Source data START
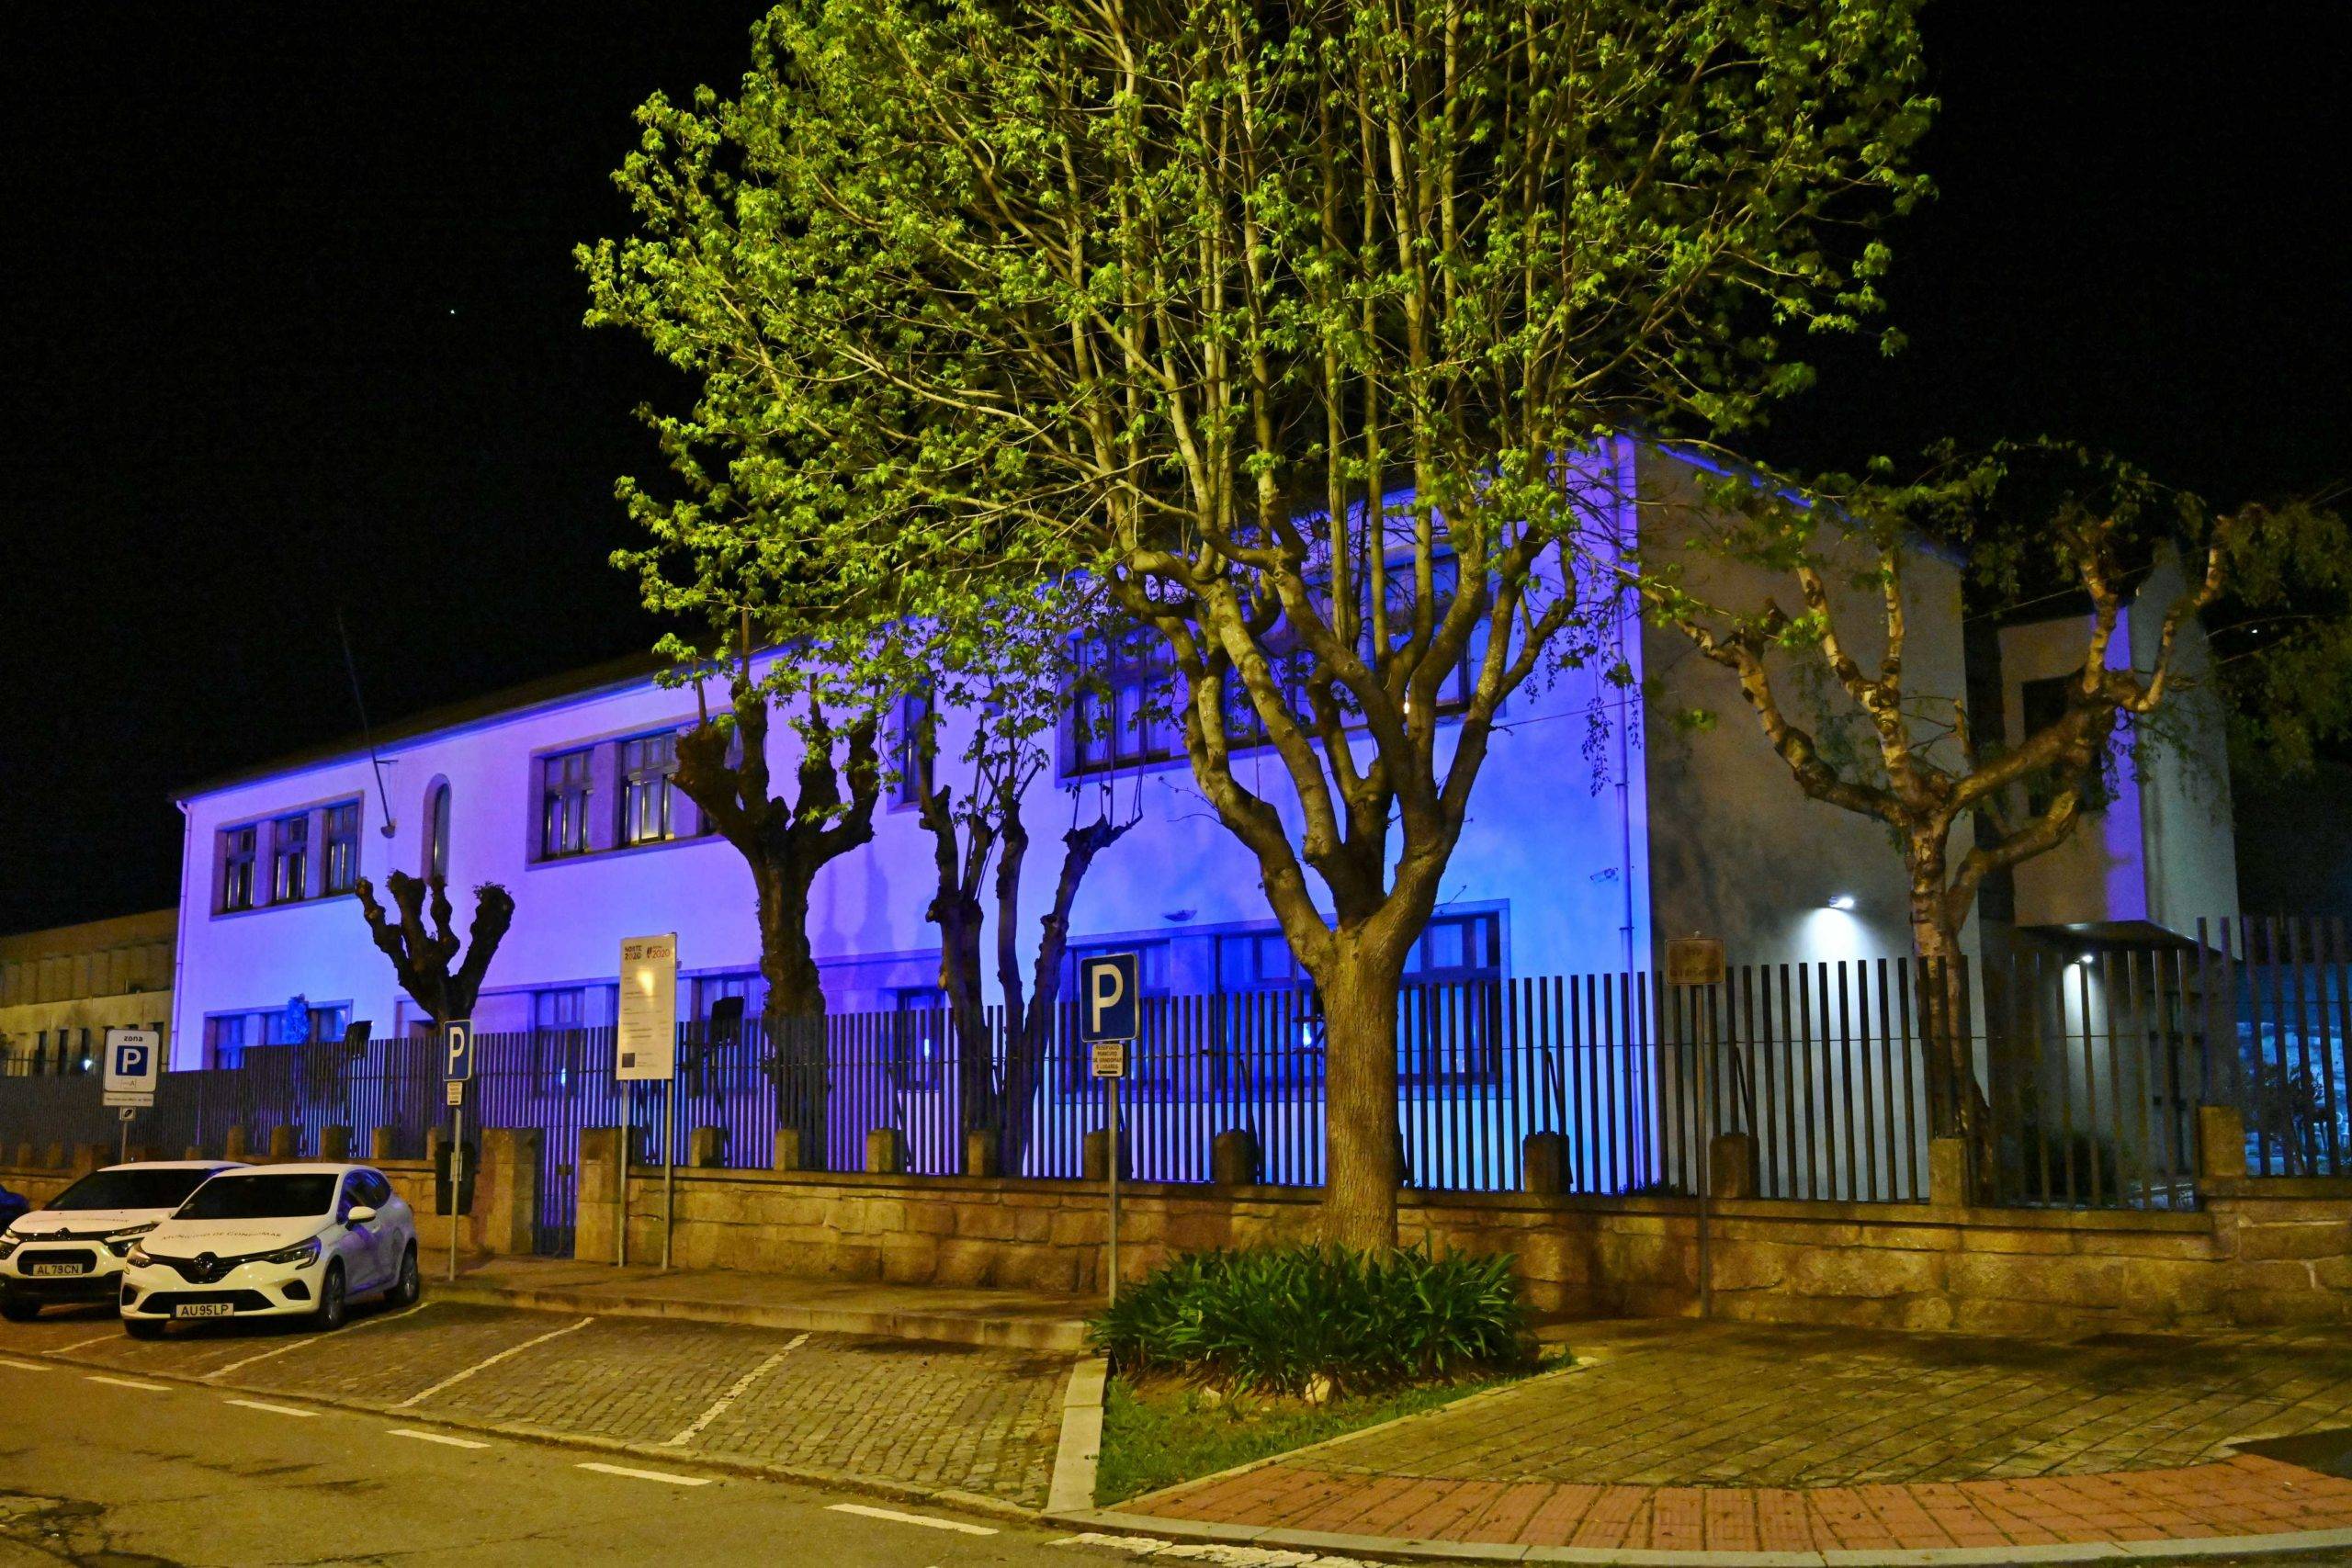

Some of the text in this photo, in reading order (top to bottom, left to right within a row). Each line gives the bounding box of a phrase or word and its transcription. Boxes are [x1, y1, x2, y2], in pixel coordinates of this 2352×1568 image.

[652, 948, 670, 959] 2020
[1091, 964, 1124, 1032] P
[122, 1048, 141, 1074] P
[448, 1026, 465, 1075] P
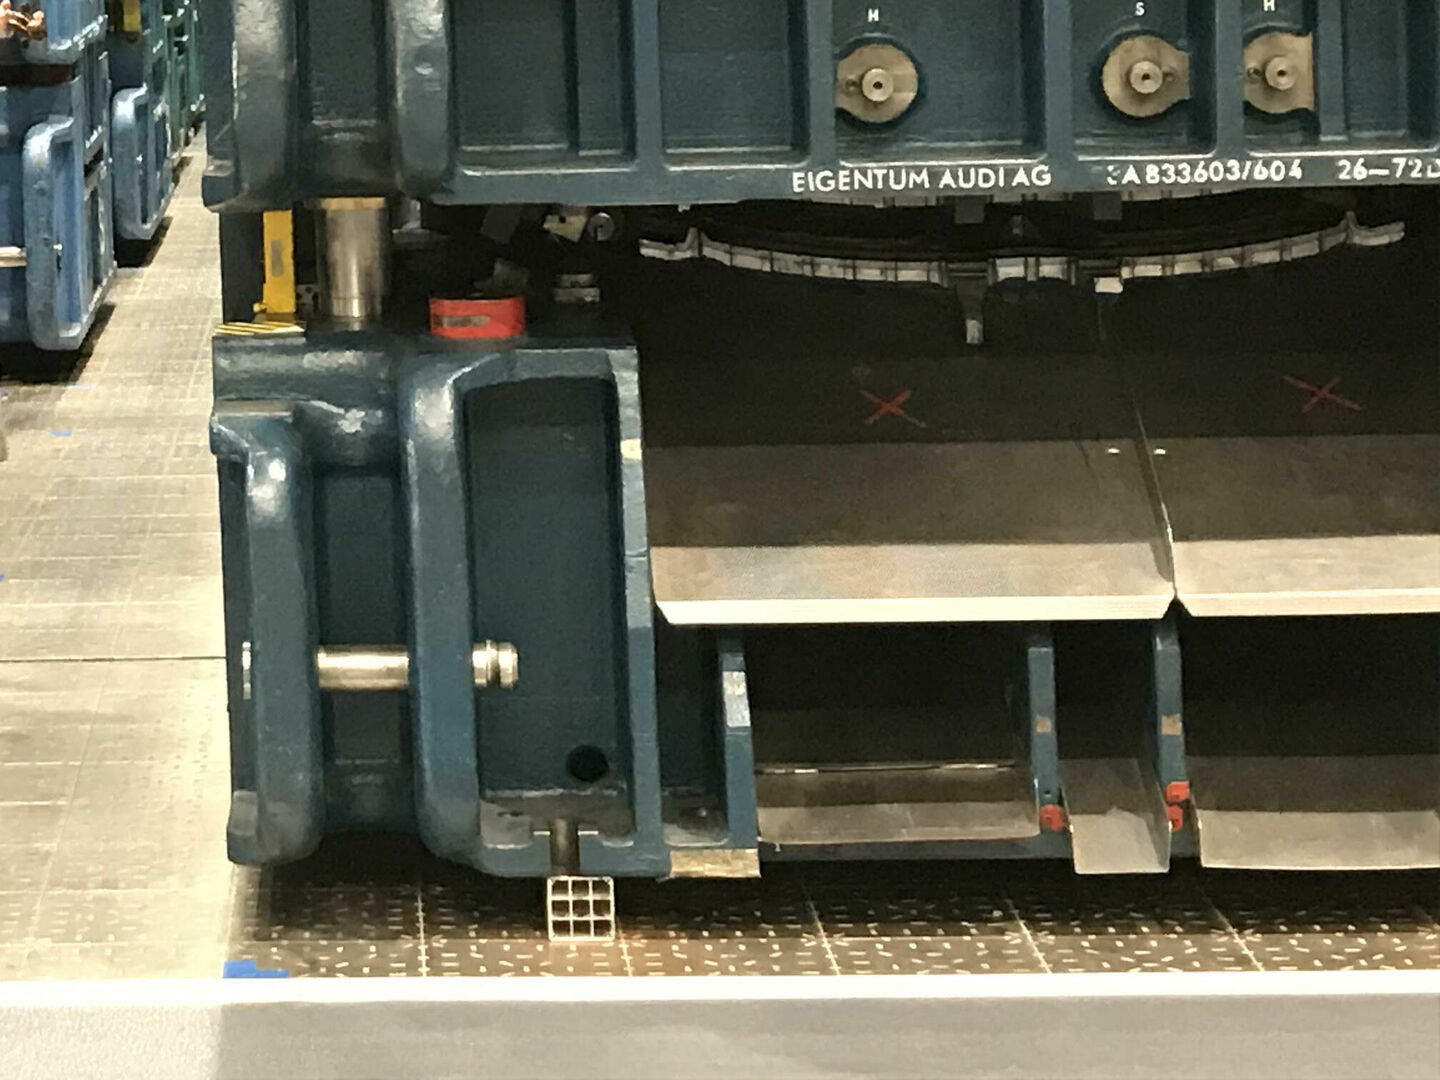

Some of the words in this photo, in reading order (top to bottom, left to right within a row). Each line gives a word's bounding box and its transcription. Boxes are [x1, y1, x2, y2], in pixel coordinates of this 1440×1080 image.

[868, 9, 879, 23] H
[1135, 2, 1145, 17] S
[792, 167, 930, 193] EIGENTUM
[938, 167, 1004, 190] AUDI
[1011, 165, 1051, 186] AG
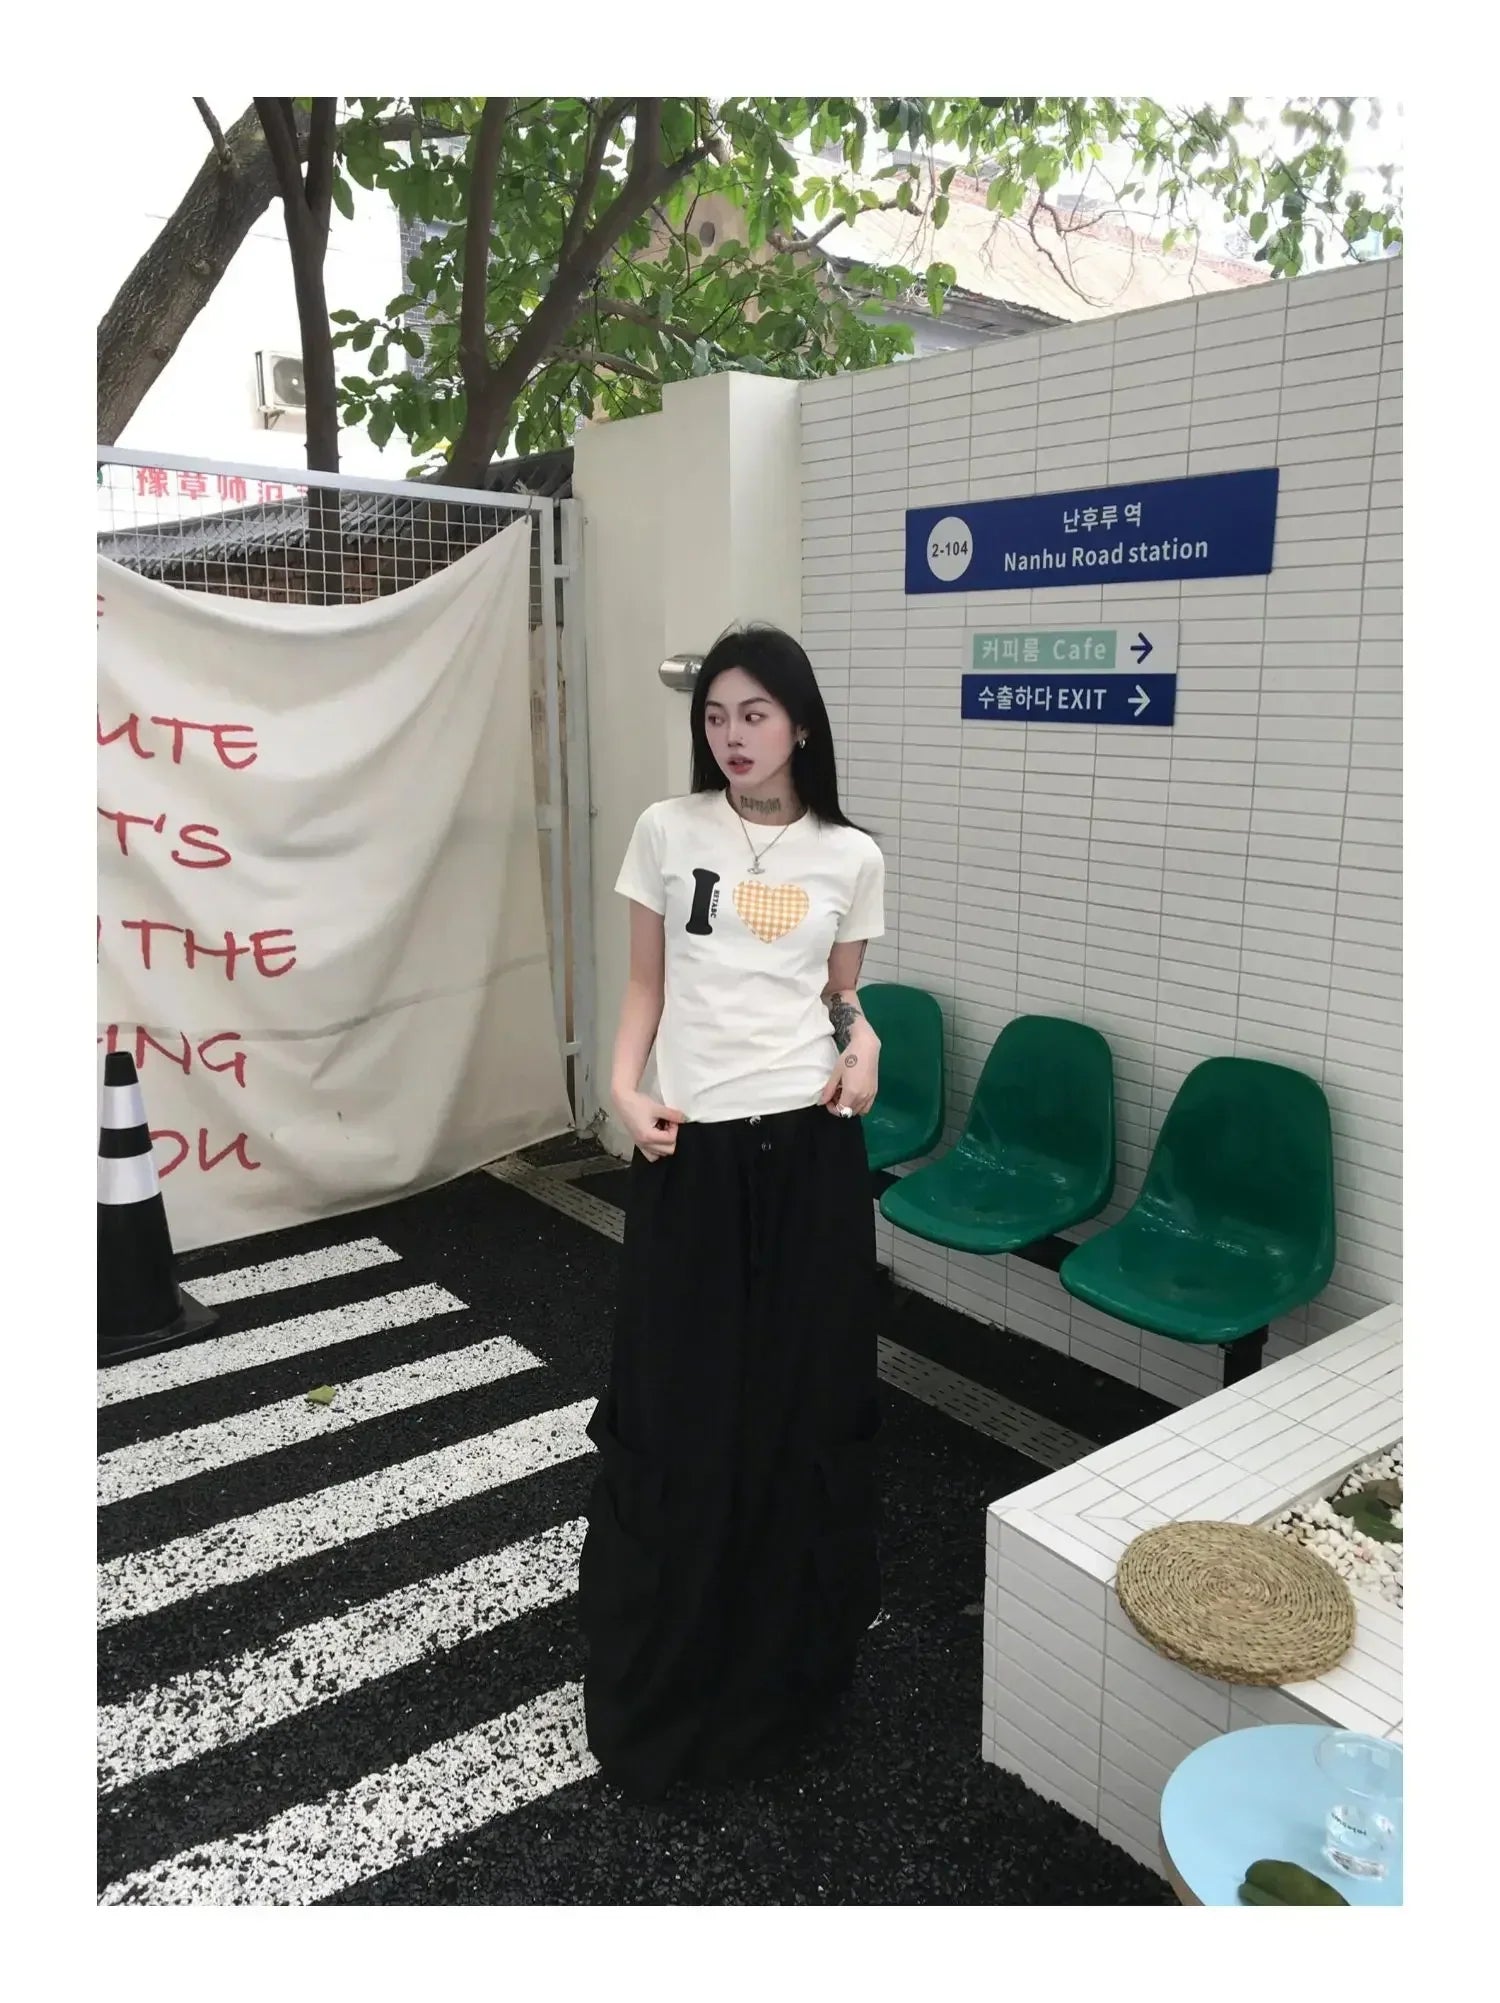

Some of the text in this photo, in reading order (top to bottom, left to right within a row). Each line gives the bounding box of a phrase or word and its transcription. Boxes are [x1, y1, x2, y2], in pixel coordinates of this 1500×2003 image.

[1063, 502, 1142, 533] 난후루 역
[932, 540, 968, 558] 2-104
[1004, 537, 1209, 572] Nanhu Road station
[981, 637, 1107, 662] 커피룸 Cafe
[978, 686, 1107, 711] 수출하다 EXIT
[685, 868, 720, 936] I
[122, 920, 296, 980] THE
[97, 1024, 246, 1088] ING
Source data END
> Work order
Apart from its pictures, the data is to be repeated exactly.

> Final answer
Some of the text in this photo, in reading order (top to bottom, left to right within a row). Each line gives the bounding box of a phrase or word and its transcription. Boxes are [x1, y1, x2, y2], in pixel coordinates of this 2352×1568 image.

[652, 948, 670, 959] 2020
[1091, 964, 1124, 1032] P
[122, 1048, 141, 1074] P
[448, 1026, 465, 1075] P

Some of the words in this photo, in reading order (top to bottom, left to right within a row). Each line gives a word's bounding box and its transcription. Boxes are [x1, y1, x2, y2], in pixel coordinates of this 1440×1080 image.

[868, 9, 879, 23] H
[1135, 2, 1145, 17] S
[792, 167, 930, 193] EIGENTUM
[938, 167, 1004, 190] AUDI
[1011, 165, 1051, 186] AG

Some of the text in this photo, in reading order (top to bottom, left to right within a row). Each line gives the bounding box of a phrase or word and its transcription. Boxes are [x1, y1, x2, y2], in pixel coordinates of this 1500×2003 image.

[1063, 502, 1142, 533] 난후루 역
[932, 540, 968, 558] 2-104
[1004, 537, 1209, 572] Nanhu Road station
[981, 637, 1107, 662] 커피룸 Cafe
[978, 686, 1107, 711] 수출하다 EXIT
[685, 868, 720, 936] I
[122, 920, 296, 980] THE
[97, 1024, 246, 1088] ING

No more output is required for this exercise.